Segment Start: INFORMATION SHOWN

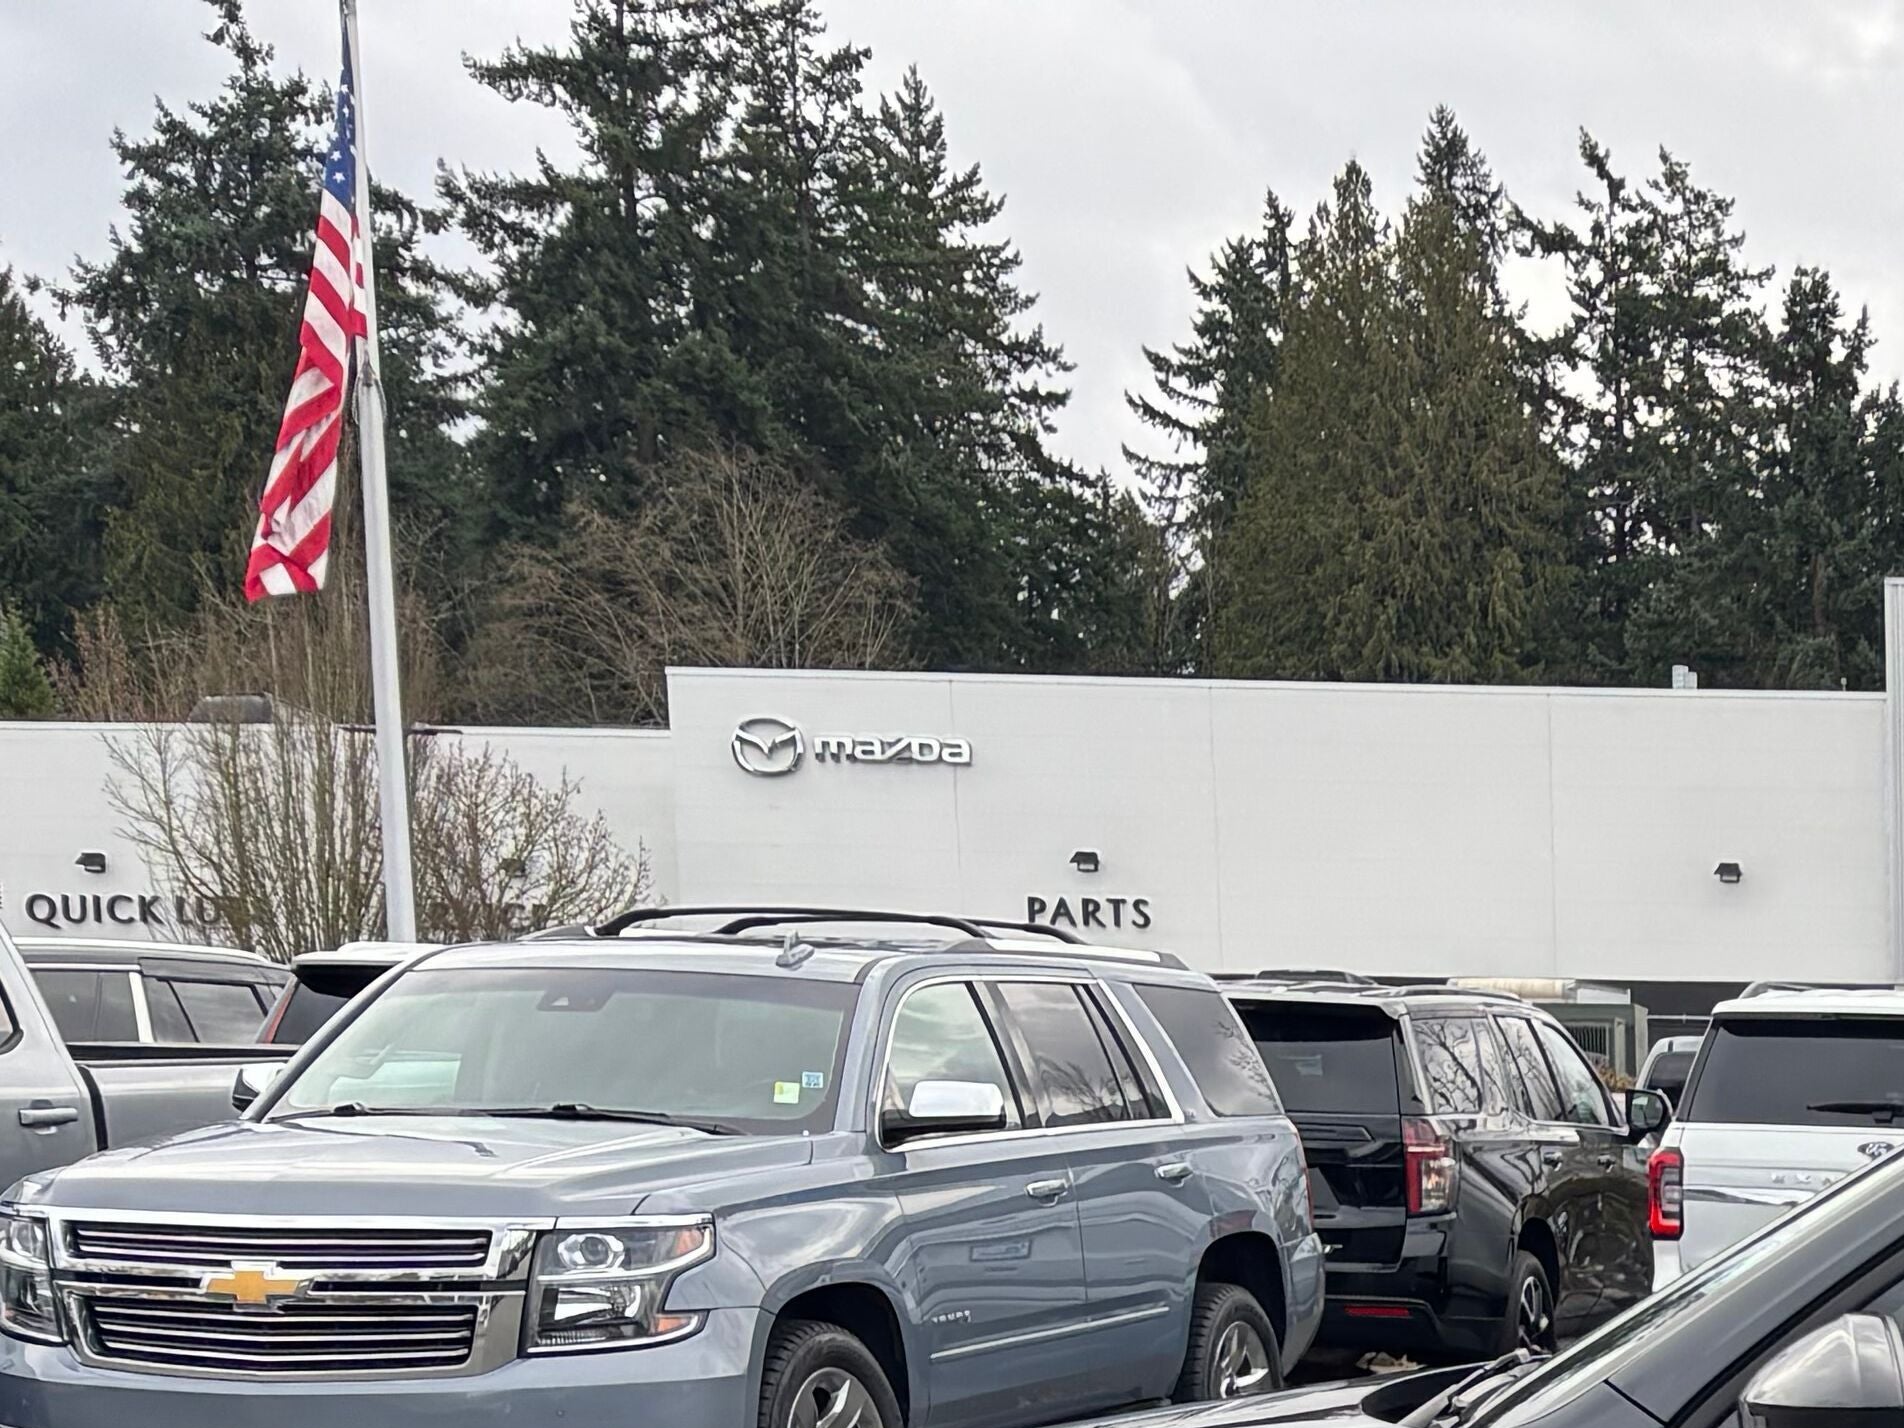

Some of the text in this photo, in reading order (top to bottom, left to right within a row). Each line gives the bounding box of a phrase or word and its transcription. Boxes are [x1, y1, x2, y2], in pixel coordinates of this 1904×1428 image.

[813, 735, 974, 767] mazda
[25, 894, 165, 930] QUICK
[1027, 896, 1152, 929] PARTS
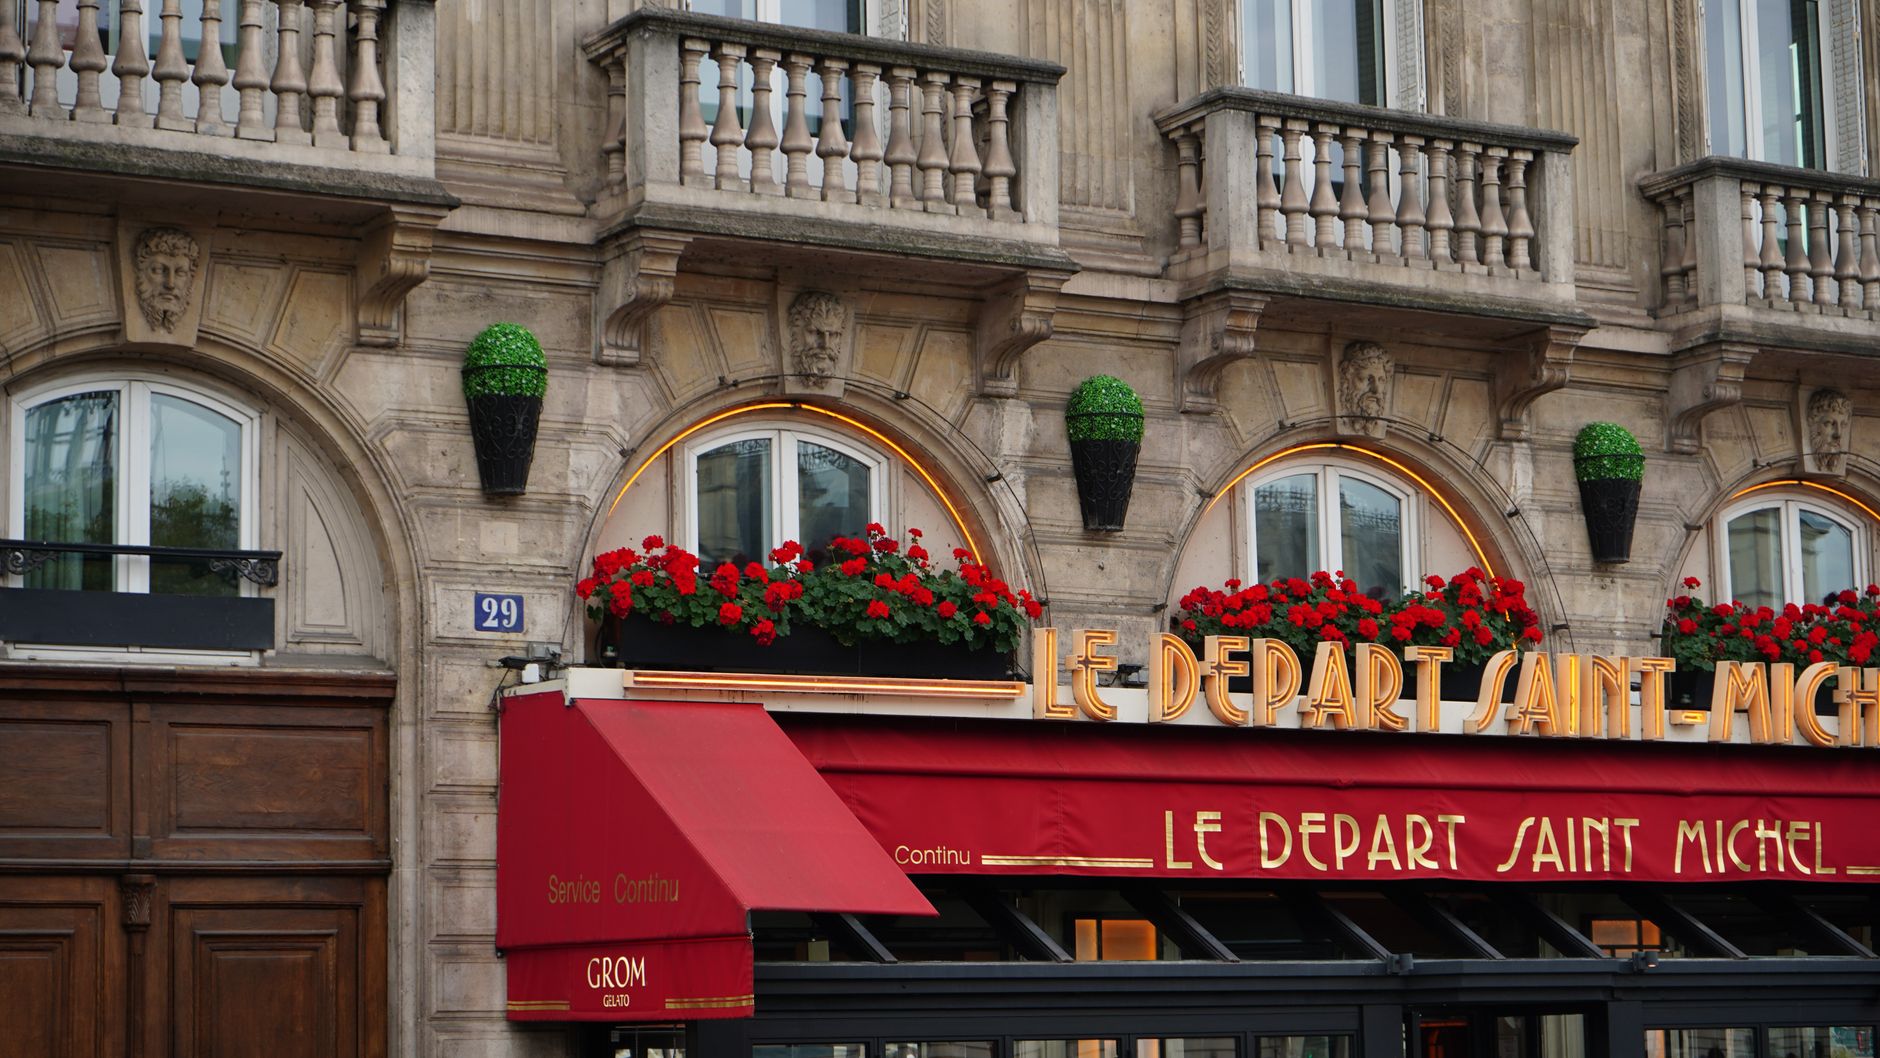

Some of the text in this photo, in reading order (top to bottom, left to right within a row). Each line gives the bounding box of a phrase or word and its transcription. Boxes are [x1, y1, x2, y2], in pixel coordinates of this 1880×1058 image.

[481, 598, 518, 627] 29
[1032, 627, 1118, 721] LE
[1148, 632, 1454, 734] DEPART
[894, 845, 971, 867] Continu
[1166, 811, 1837, 876] LE DEPART SAINT MICHEL
[548, 872, 679, 904] Service Continu
[587, 956, 647, 989] GROM
[603, 994, 630, 1008] GELATO

Segment End: INFORMATION SHOWN

# [WHAT THE TASK REQUIRES]
The entries above need to be repeated in full, word for word. Skip the images.

# [TASK RESULT]
Some of the text in this photo, in reading order (top to bottom, left to right within a row). Each line gives the bounding box of a phrase or word and its transcription. Boxes are [x1, y1, x2, y2], in pixel coordinates of this 1904×1428 image.

[813, 735, 974, 767] mazda
[25, 894, 165, 930] QUICK
[1027, 896, 1152, 929] PARTS

Some of the text in this photo, in reading order (top to bottom, left to right within a row). Each line gives the bounding box of a phrase or word and its transcription. Boxes are [x1, y1, x2, y2], in pixel coordinates of this 1880×1058 image.

[481, 598, 518, 627] 29
[1032, 627, 1118, 721] LE
[1148, 632, 1454, 734] DEPART
[894, 845, 971, 867] Continu
[1166, 811, 1837, 876] LE DEPART SAINT MICHEL
[548, 872, 679, 904] Service Continu
[587, 956, 647, 989] GROM
[603, 994, 630, 1008] GELATO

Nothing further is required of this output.